IN JULY 1966 A CULTURAL icon was born—in Canyon, of all places. A few years earlier, some Amarilloans looking to boost interest in their corner of the state got in touch with the Pulitzer Prize-winning playwright Paul Green. Would he please whip up one of his trademark outdoor musical dramas? Green obligingly penned a script chronicling the Panhandle’s pioneer past and named it, simply, Texas. The epic—with its cowman-versus-farmer conflicts, nods to pre-Anglo natives, and singing and dancing and flag waving—was a smashing success. It wasn’t the most genius or highfalutin theater, but it did tap into a Texan’s most valuable possession: his state pride. That it was performed in the stunning Palo Duro Canyon State Park—home of the second-largest canyon in the nation, thank you very much—didn’t hurt either.
But what’s a Texas icon if not a little rough around the edges? Like the Alamo and the Dallas Cowboys , Texas was in for bumpy times. After 36 summers, the cliché theatrics had grown tired, and ticket sales had slumped. So in 2002 the play’s producer, the Texas Panhandle Heritage Association, began tinkering with the script in an attempt to reexcite the locals. Not so thrilled were the folks at the Paul Green Foundation, who balked at the changes, and, well, all hell broke loose. Cue lawsuit. Cue countersuit. Meanwhile, some show had to go on. Enter Texas Legacies, stage right. But this new play, with its somber themes and historical precision, was more wrong than right, alternately bumming out and boring a still-dwindling audience. (Apparently, factual accuracy does not a more exciting musical make.)

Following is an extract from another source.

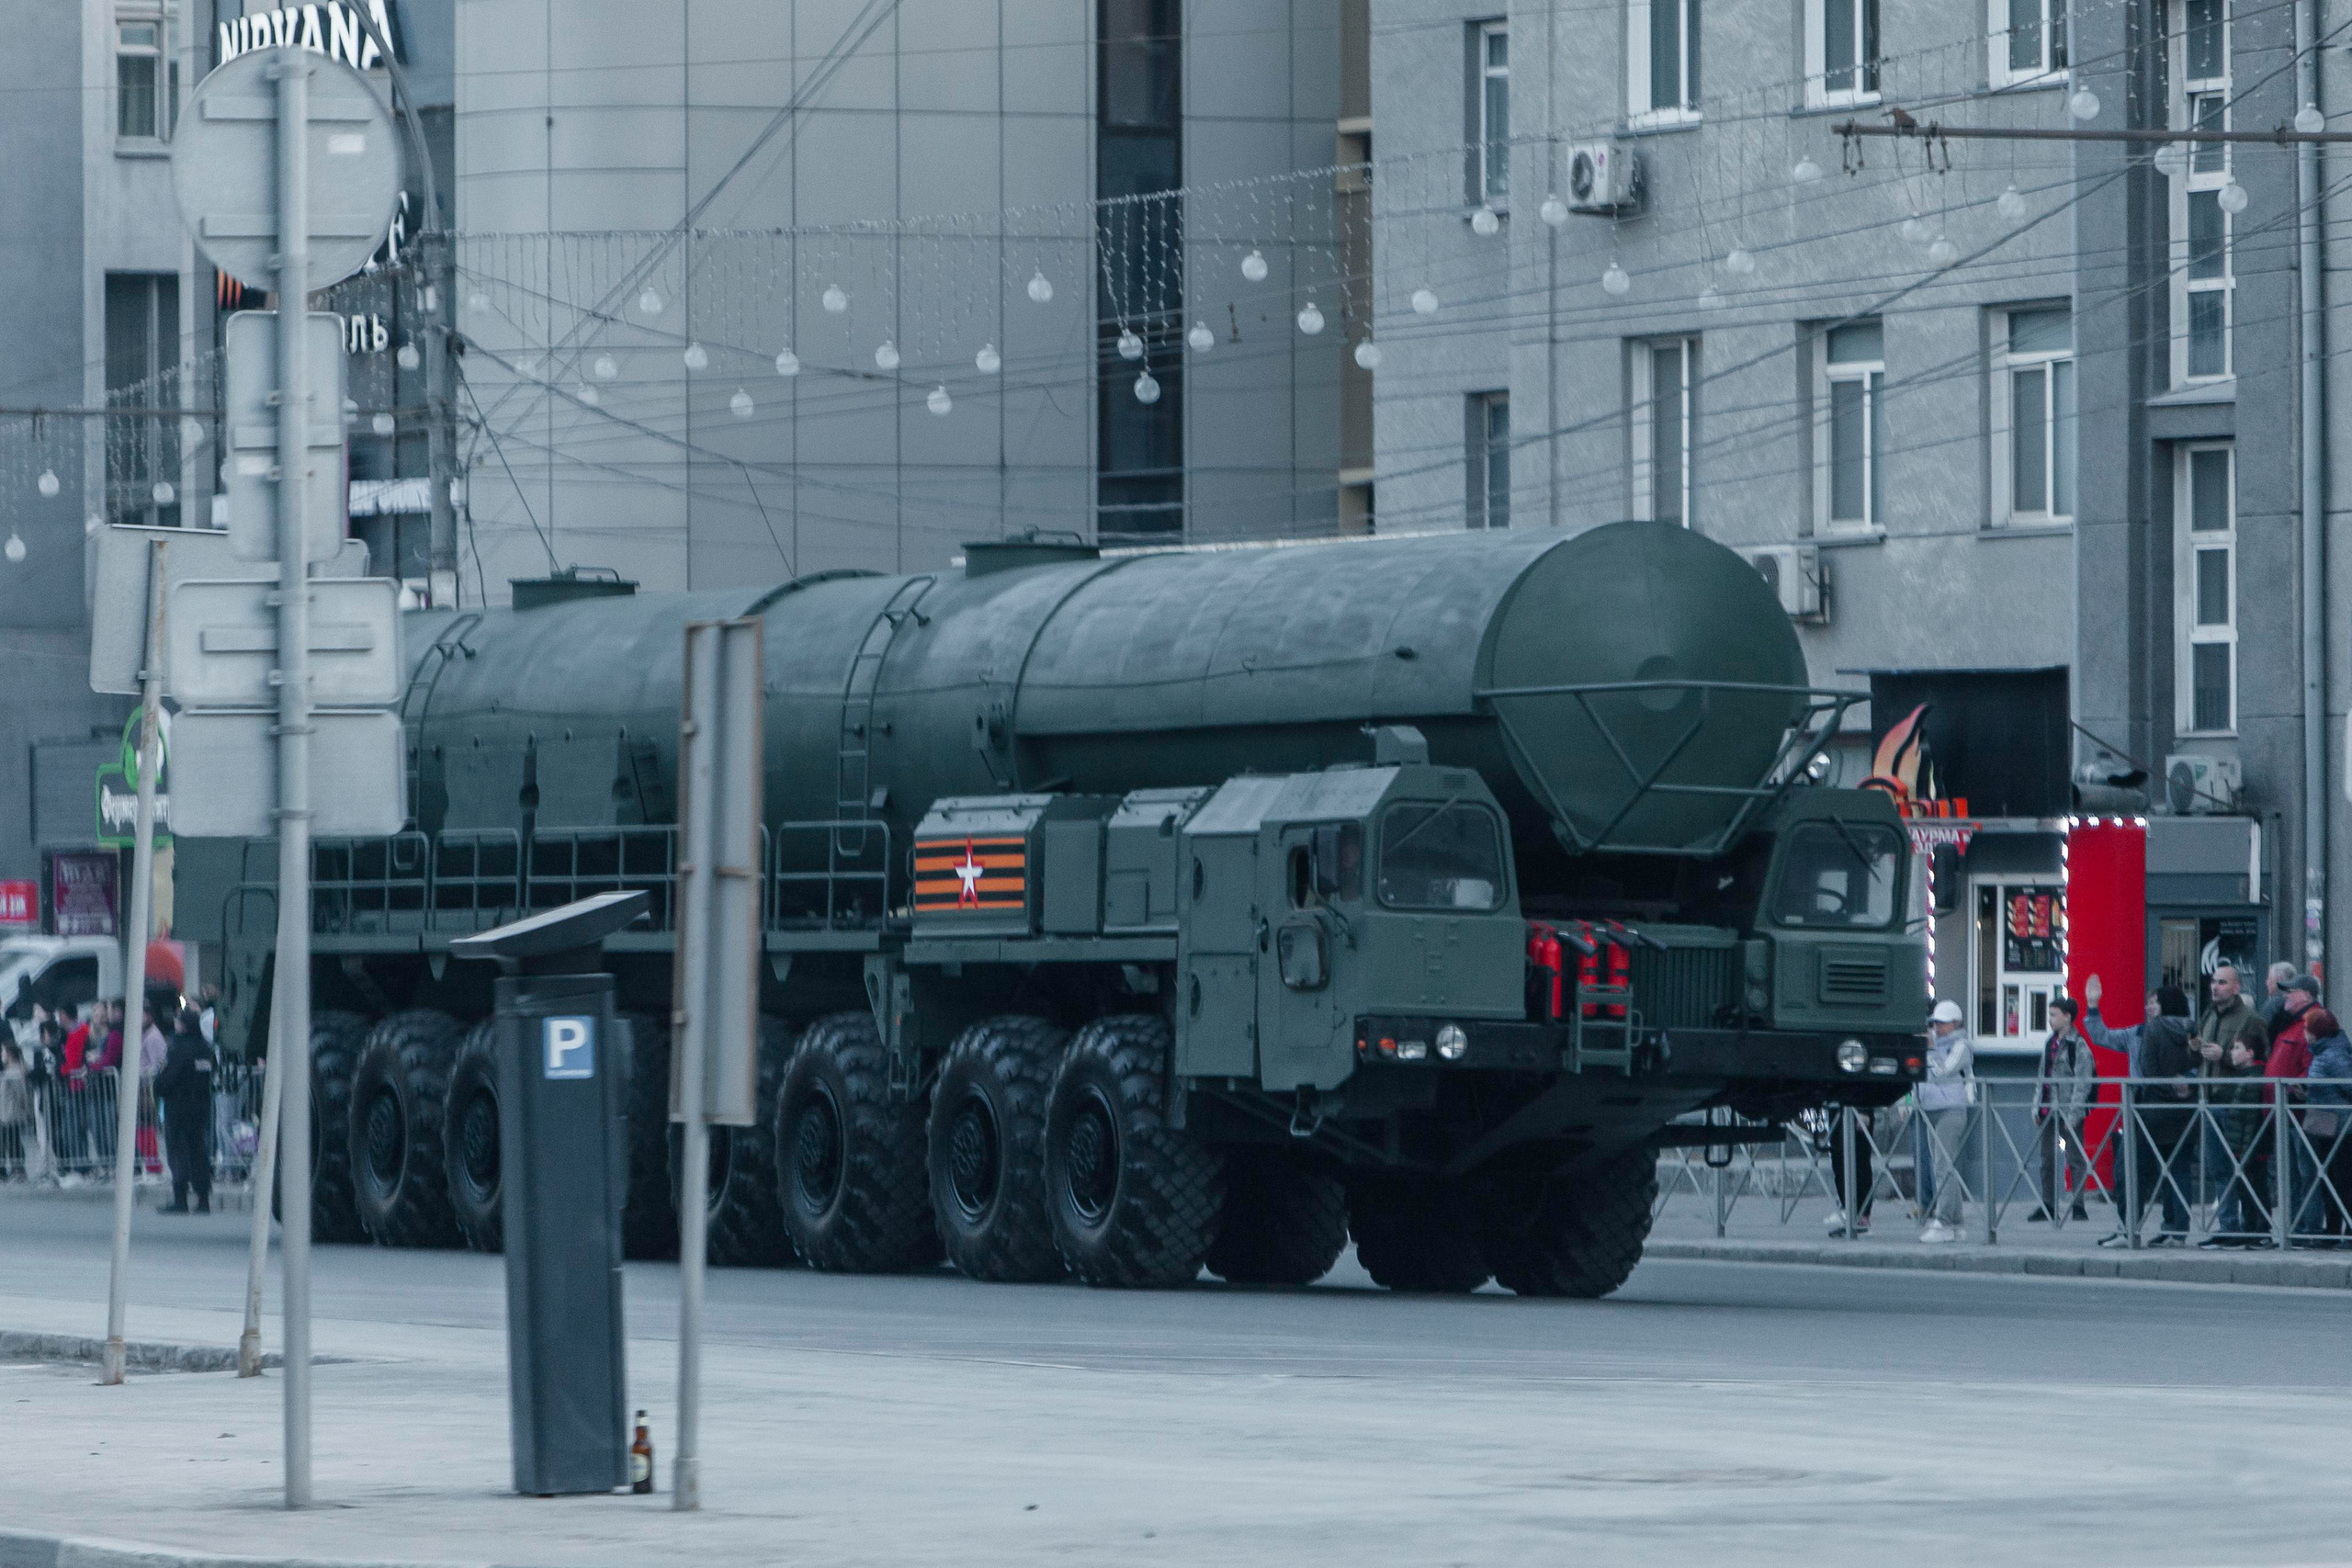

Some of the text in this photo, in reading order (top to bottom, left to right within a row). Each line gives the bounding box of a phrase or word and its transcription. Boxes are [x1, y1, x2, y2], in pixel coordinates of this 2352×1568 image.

[220, 0, 394, 70] NIRVANA
[1908, 828, 1960, 844] АУРМА
[549, 1020, 585, 1068] P

So now, ladies and gentlemen, all the way back from the cutting room floor … the original Texas! Yes—the script war ended (the TPHA came away with all rights), the good people of Canyon clamored, and the musical has returned in all its refulgent hokeyness. Guided by an “if it ain’t broke, just tweak it a little bit” philosophy, new artistic director David Yirak did some minor line editing this year to get the whole shebang to just at two hours, but he otherwise left well enough alone. Fort Worth dance master Bruce Wood is choreographing the singing-and-dancing vignettes, but rest assured that it’s still a grassroots gig, with local talent well outnumbering “furiners” in the cast of sixty.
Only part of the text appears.